== DATA EXTRACTS

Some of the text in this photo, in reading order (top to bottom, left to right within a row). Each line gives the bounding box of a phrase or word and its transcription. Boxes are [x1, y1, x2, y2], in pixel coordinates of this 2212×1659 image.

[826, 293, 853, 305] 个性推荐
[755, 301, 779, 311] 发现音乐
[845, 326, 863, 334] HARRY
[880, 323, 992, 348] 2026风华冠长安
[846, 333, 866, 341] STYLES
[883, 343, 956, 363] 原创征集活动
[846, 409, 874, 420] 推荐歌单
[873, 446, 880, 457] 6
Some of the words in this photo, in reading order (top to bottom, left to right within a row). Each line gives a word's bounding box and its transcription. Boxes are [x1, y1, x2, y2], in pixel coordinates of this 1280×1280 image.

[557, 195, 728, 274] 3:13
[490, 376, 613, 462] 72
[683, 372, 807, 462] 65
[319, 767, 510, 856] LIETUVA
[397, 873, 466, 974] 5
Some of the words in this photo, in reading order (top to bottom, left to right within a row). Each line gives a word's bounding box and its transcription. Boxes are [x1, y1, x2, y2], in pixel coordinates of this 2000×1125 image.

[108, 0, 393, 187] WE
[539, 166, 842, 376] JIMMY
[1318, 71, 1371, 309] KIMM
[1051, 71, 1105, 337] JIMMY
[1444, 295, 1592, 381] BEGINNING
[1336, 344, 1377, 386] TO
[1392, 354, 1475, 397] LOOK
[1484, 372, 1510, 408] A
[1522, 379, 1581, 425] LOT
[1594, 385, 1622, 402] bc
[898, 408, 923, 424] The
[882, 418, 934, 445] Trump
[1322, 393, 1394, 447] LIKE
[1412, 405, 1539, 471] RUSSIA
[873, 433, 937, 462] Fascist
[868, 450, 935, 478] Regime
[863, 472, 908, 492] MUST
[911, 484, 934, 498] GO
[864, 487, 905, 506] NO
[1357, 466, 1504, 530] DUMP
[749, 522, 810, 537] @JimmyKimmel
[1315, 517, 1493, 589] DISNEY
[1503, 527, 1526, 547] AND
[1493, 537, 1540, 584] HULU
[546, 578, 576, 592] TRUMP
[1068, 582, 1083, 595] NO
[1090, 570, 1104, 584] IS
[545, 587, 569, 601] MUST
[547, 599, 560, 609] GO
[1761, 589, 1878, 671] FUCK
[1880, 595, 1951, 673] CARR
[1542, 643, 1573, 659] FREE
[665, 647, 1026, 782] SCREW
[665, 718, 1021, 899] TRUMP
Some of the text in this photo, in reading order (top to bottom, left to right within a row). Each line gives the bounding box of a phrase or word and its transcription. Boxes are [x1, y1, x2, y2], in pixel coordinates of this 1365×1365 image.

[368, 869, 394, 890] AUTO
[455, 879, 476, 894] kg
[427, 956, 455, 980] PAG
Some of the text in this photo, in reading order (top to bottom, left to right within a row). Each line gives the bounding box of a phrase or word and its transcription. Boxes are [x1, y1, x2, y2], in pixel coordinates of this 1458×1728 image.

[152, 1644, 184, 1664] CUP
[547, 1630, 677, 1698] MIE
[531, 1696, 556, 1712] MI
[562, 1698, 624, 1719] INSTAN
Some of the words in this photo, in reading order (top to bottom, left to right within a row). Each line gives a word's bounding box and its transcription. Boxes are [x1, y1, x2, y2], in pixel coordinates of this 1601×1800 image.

====

**WHAT THE TASK ASKS**:
I'd like every record written out exactly as given.

**EXPECTED ANSWER**:
Some of the text in this photo, in reading order (top to bottom, left to right within a row). Each line gives the bounding box of a phrase or word and its transcription. Boxes are [x1, y1, x2, y2], in pixel coordinates of this 2212×1659 image.

[826, 293, 853, 305] 个性推荐
[755, 301, 779, 311] 发现音乐
[845, 326, 863, 334] HARRY
[880, 323, 992, 348] 2026风华冠长安
[846, 333, 866, 341] STYLES
[883, 343, 956, 363] 原创征集活动
[846, 409, 874, 420] 推荐歌单
[873, 446, 880, 457] 6
Some of the words in this photo, in reading order (top to bottom, left to right within a row). Each line gives a word's bounding box and its transcription. Boxes are [x1, y1, x2, y2], in pixel coordinates of this 1280×1280 image.

[557, 195, 728, 274] 3:13
[490, 376, 613, 462] 72
[683, 372, 807, 462] 65
[319, 767, 510, 856] LIETUVA
[397, 873, 466, 974] 5
Some of the words in this photo, in reading order (top to bottom, left to right within a row). Each line gives a word's bounding box and its transcription. Boxes are [x1, y1, x2, y2], in pixel coordinates of this 2000×1125 image.

[108, 0, 393, 187] WE
[539, 166, 842, 376] JIMMY
[1318, 71, 1371, 309] KIMM
[1051, 71, 1105, 337] JIMMY
[1444, 295, 1592, 381] BEGINNING
[1336, 344, 1377, 386] TO
[1392, 354, 1475, 397] LOOK
[1484, 372, 1510, 408] A
[1522, 379, 1581, 425] LOT
[1594, 385, 1622, 402] bc
[898, 408, 923, 424] The
[882, 418, 934, 445] Trump
[1322, 393, 1394, 447] LIKE
[1412, 405, 1539, 471] RUSSIA
[873, 433, 937, 462] Fascist
[868, 450, 935, 478] Regime
[863, 472, 908, 492] MUST
[911, 484, 934, 498] GO
[864, 487, 905, 506] NO
[1357, 466, 1504, 530] DUMP
[749, 522, 810, 537] @JimmyKimmel
[1315, 517, 1493, 589] DISNEY
[1503, 527, 1526, 547] AND
[1493, 537, 1540, 584] HULU
[546, 578, 576, 592] TRUMP
[1068, 582, 1083, 595] NO
[1090, 570, 1104, 584] IS
[545, 587, 569, 601] MUST
[547, 599, 560, 609] GO
[1761, 589, 1878, 671] FUCK
[1880, 595, 1951, 673] CARR
[1542, 643, 1573, 659] FREE
[665, 647, 1026, 782] SCREW
[665, 718, 1021, 899] TRUMP
Some of the text in this photo, in reading order (top to bottom, left to right within a row). Each line gives the bounding box of a phrase or word and its transcription. Boxes are [x1, y1, x2, y2], in pixel coordinates of this 1365×1365 image.

[368, 869, 394, 890] AUTO
[455, 879, 476, 894] kg
[427, 956, 455, 980] PAG
Some of the text in this photo, in reading order (top to bottom, left to right within a row). Each line gives the bounding box of a phrase or word and its transcription. Boxes are [x1, y1, x2, y2], in pixel coordinates of this 1458×1728 image.

[152, 1644, 184, 1664] CUP
[547, 1630, 677, 1698] MIE
[531, 1696, 556, 1712] MI
[562, 1698, 624, 1719] INSTAN
Some of the words in this photo, in reading order (top to bottom, left to right within a row). Each line gives a word's bounding box and its transcription. Boxes are [x1, y1, x2, y2], in pixel coordinates of this 1601×1800 image.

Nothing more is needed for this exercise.